Thomas Hobbes – vom Wunderkind zum Quälgeist
Thomas Hobbes stand damals im biblischen Alter von 80 Jahren – und er sollte noch elf weitere Jahre leben. Er galt als einer der wichtigsten Denker seiner Zeit – und war einer der umstrittensten. 1588 wurde Hobbes in einfachsten Verhältnissen im südlichen England geboren; ein Wunderkind, das mit vier Jahren lesen, schreiben und rechnen konnte, mit acht Latein und Griechisch beherrschte und wenig später an der Universität studierte. Danach bereiste Hobbes in einer gesicherten Stellung als Privatlehrer in der Familie des Barons von Cavendish ganz Europa. Begegnungen mit René Descartes, Galileo Galilei und anderen Geistesgrößen prägten ihn – und entfernten ihn immer weiter von den bisherigen bequemen konformistischen Positionen. 1642 brach in England der Bürgerkrieg aus, Hintergrund waren staatsrechtliche Konflikte zwischen König und Parlament, verbrämt mit einem konfessionellen Deckmäntelchen. Sie sollten die Folie sein, vor der Hobbes sein Ideengebäude errichtete. Während er es sich nach und nach mit allen Protagonisten verdarb, allen voran mit König und Kirche, scheint es fast ein Wunder, dass der freidenkerische Philosoph nicht schnell auf dem Schafott endete.
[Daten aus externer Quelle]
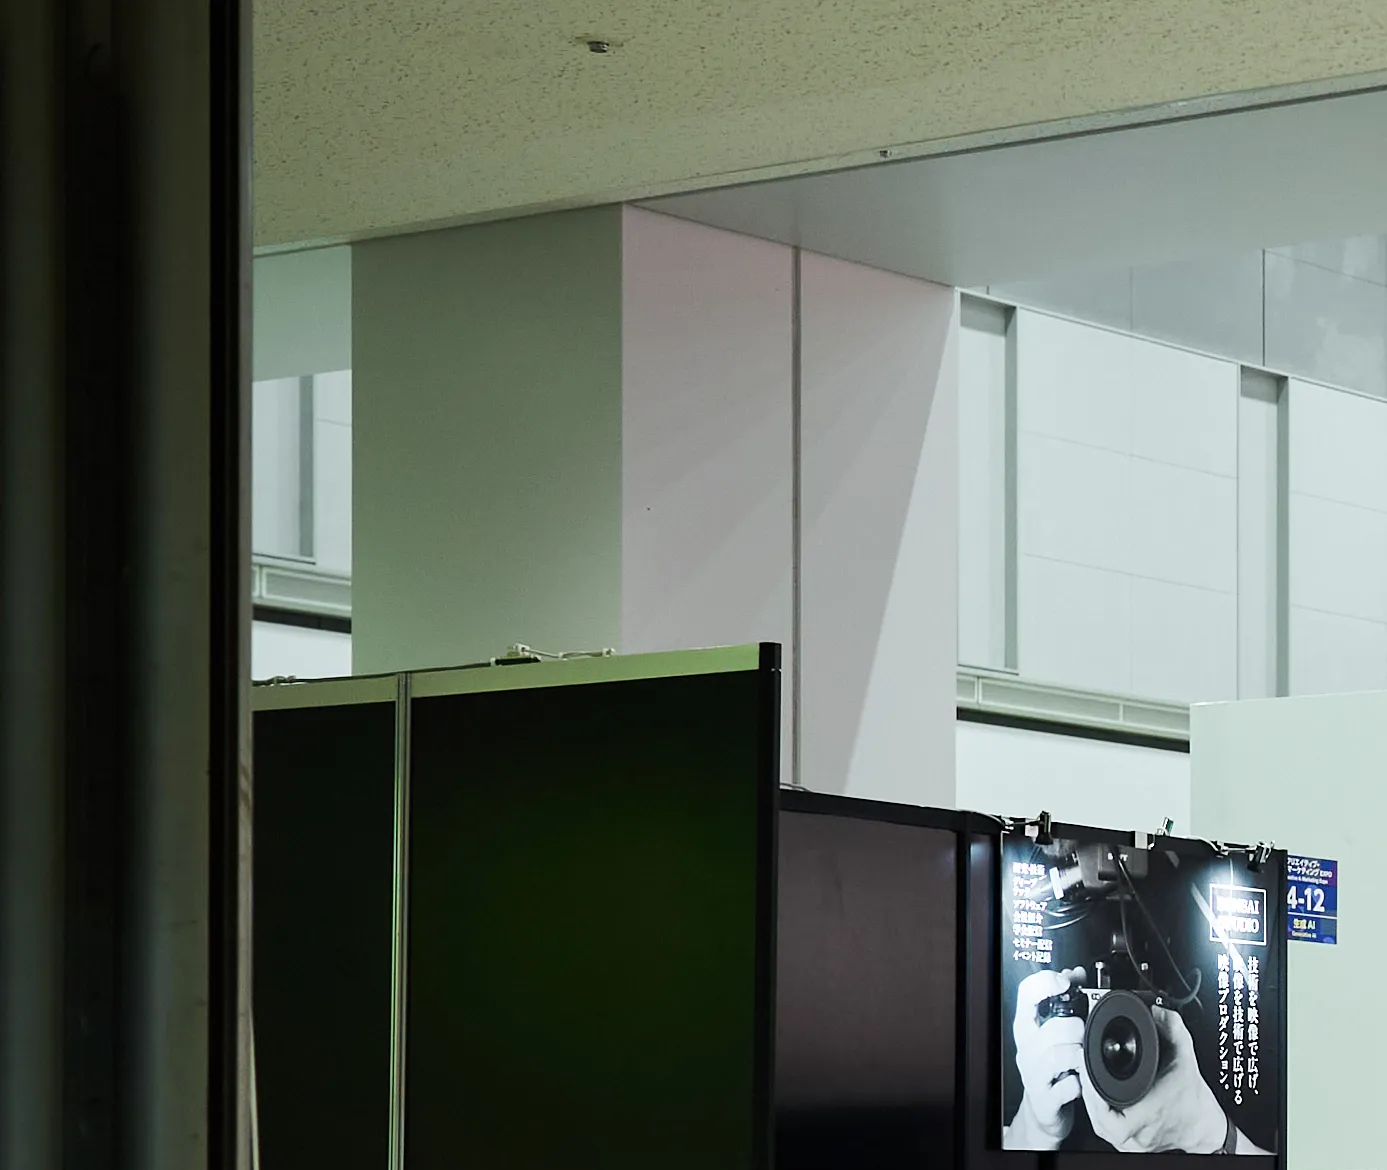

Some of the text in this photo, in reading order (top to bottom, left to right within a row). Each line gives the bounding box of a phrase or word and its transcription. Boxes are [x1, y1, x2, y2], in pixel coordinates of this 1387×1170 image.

[1217, 954, 1230, 1090] 映像プロダクション。
Zwischen Aufklärung und Absolutismus
Tatsächlich hatte Hobbes bereits 1640 aus England fliehen müssen. In dem religiös aufgeladenen Konflikt hätte er nicht lange überlebt, denn seine Gegner sahen in ihm einen Atheisten. Das war er eigentlich nicht, aber als Aufklärer trennte er streng zwischen Religion und Glaube einerseits und exakter Wissenschaft andererseits. Das ging damals gar nicht! Das Pariser Exil kam Hobbes dagegen zugute, denn sein dortiger Mathematikschüler war Karl II., der spätere Herrscher Englands und seinerzeit gleichfalls Exilant.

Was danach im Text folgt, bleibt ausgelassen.